Signs of Negative engagement maybe:

  • Reporting you as spammer
  • Deleting your email
  • Trashing your email
  • Not engaging with multiple messages over long periods of time

Always review your email campaigns to identify your inactive subscribers, analyze them and decide who to delete and who you think you can keep (based on whatever criteria you are using).  You do this by creating a re-engagement campaign that is simple, with the purpose of regaining your recipients interest in your emails.  Monitor your response rate and activity in each mailing.  Based on those results,  you can permanently delete them from your list or identify them as a  fully re-engaged subscriber.

In the meantime no re-engagement action means more Spam Filtering.
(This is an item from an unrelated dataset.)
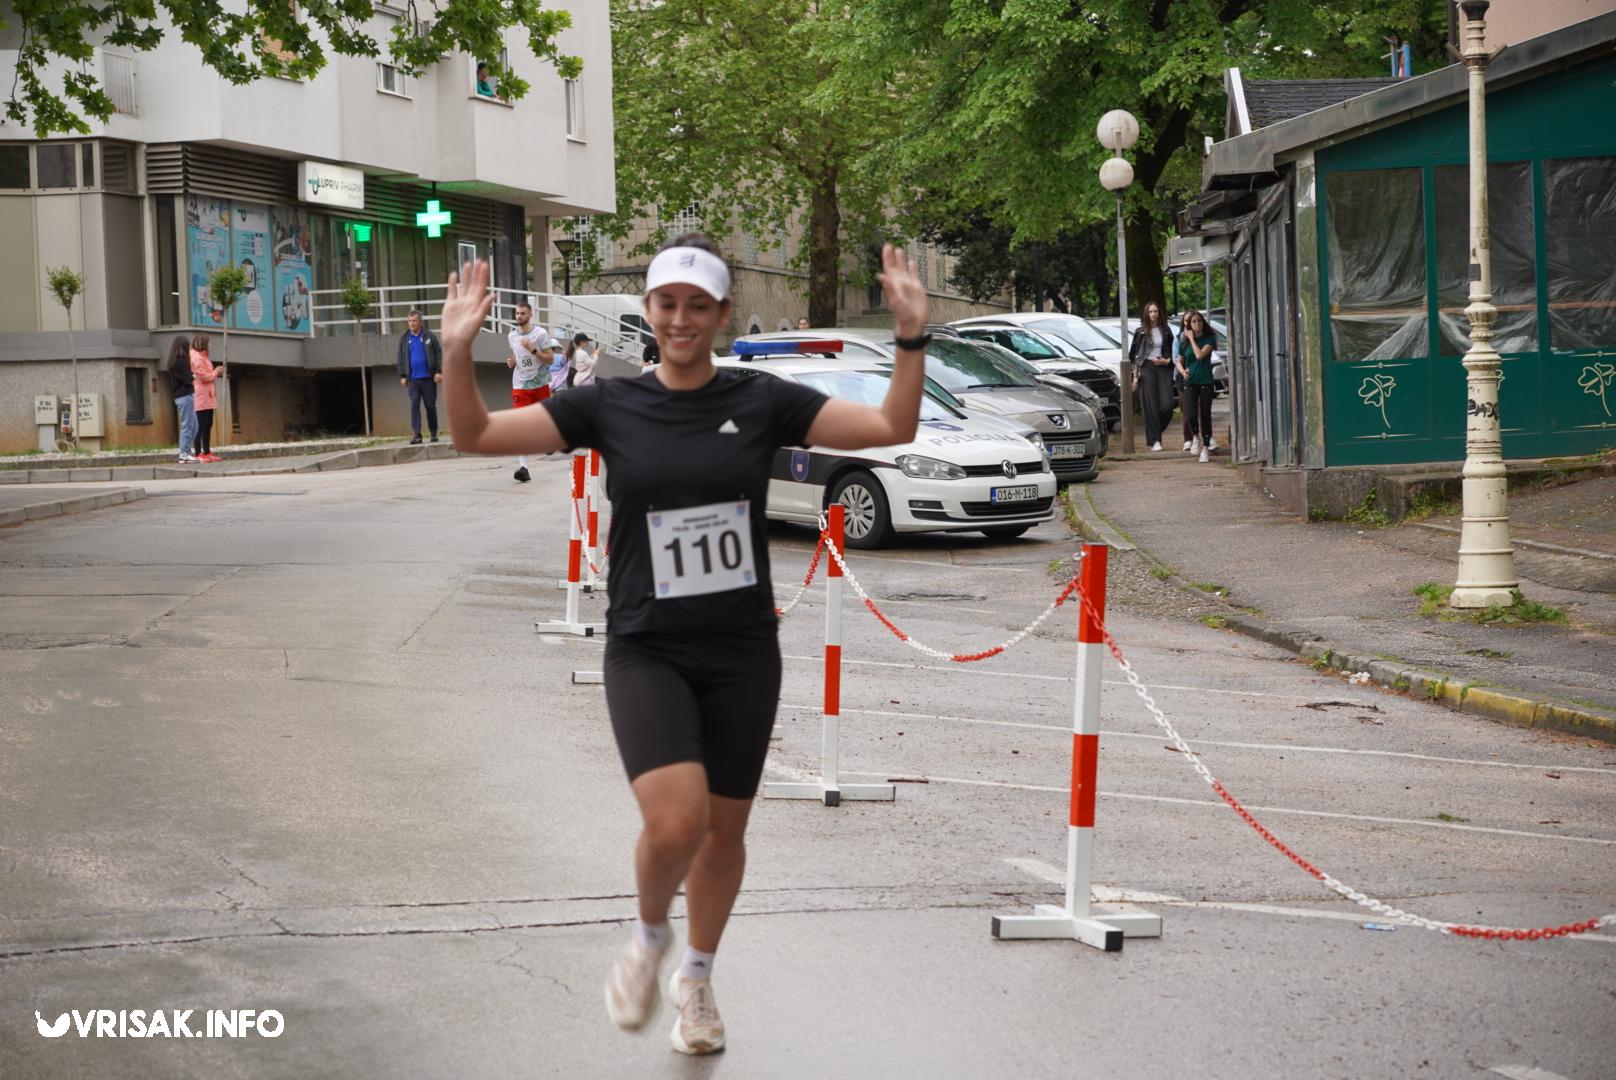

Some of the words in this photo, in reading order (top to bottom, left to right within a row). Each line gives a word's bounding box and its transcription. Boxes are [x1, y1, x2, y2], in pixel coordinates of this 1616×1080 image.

Even using a fully engaged list you will find that Spam Filters are not perfect. They can trap good emails just by the way they are configured.   For example, most Spam Filters work on a number system or point system, where a value is assigned to certain factors in an email header.  Phrases and words that are considered “spammy,” such as “Free or “Free Only Today” or content that appears with subjects like a mortgage pitch or get rich quick email, will be assigned higher numbers or points.  If your emails or your total campaigns exceed a certain point threshold – your email doesn’t get to the inbox.

By the way, Spam Filters are used universally, configured by the individual, company or organization who use them.  There isn’t a standard  list of “spammy”criteria because it’s frequently growing and adapting, based on, what people identify as spam. Consider this: when your inactive email subscriber receives (your) unwanted email, with a click of their mouse they mark your message as spam” or Junk Mail , your now on the Spam Filter list.  And strange as it may seem these innocuous filters synchronize with one another and share what they learn.

You may avoid the SPAM FILTER:

  • Avoid the cliché of the spammy subject lines
  • Keep  punctuation   @#*^$@_$*@_()  out of your subject
  • Use both lower and UPPERCASE  letters, not just UPPERCASE in the Subject Line
  • Create readable content
  • Careful with that HTML – code correctly, and if you use Microsoft Office and Dundee List hosting , follow the steps we outlined
  • Do not send email to your inactive lists – avoid ICS
  • Verify your links, make sure they are active and link only to legitimate trustworthy websites
  • Ask your recipient to add your email address to their ‘safe’  list

What are some Indicators your Email is being routed to a SPAM FILTER?

  • Decrease open rates
  • Higher bounce rates

So the bottom line – do some Spring Cleaning – Prune your list, keep it up to date, do re-engagement campaigns, and you may not get trapped in the Spam Filter.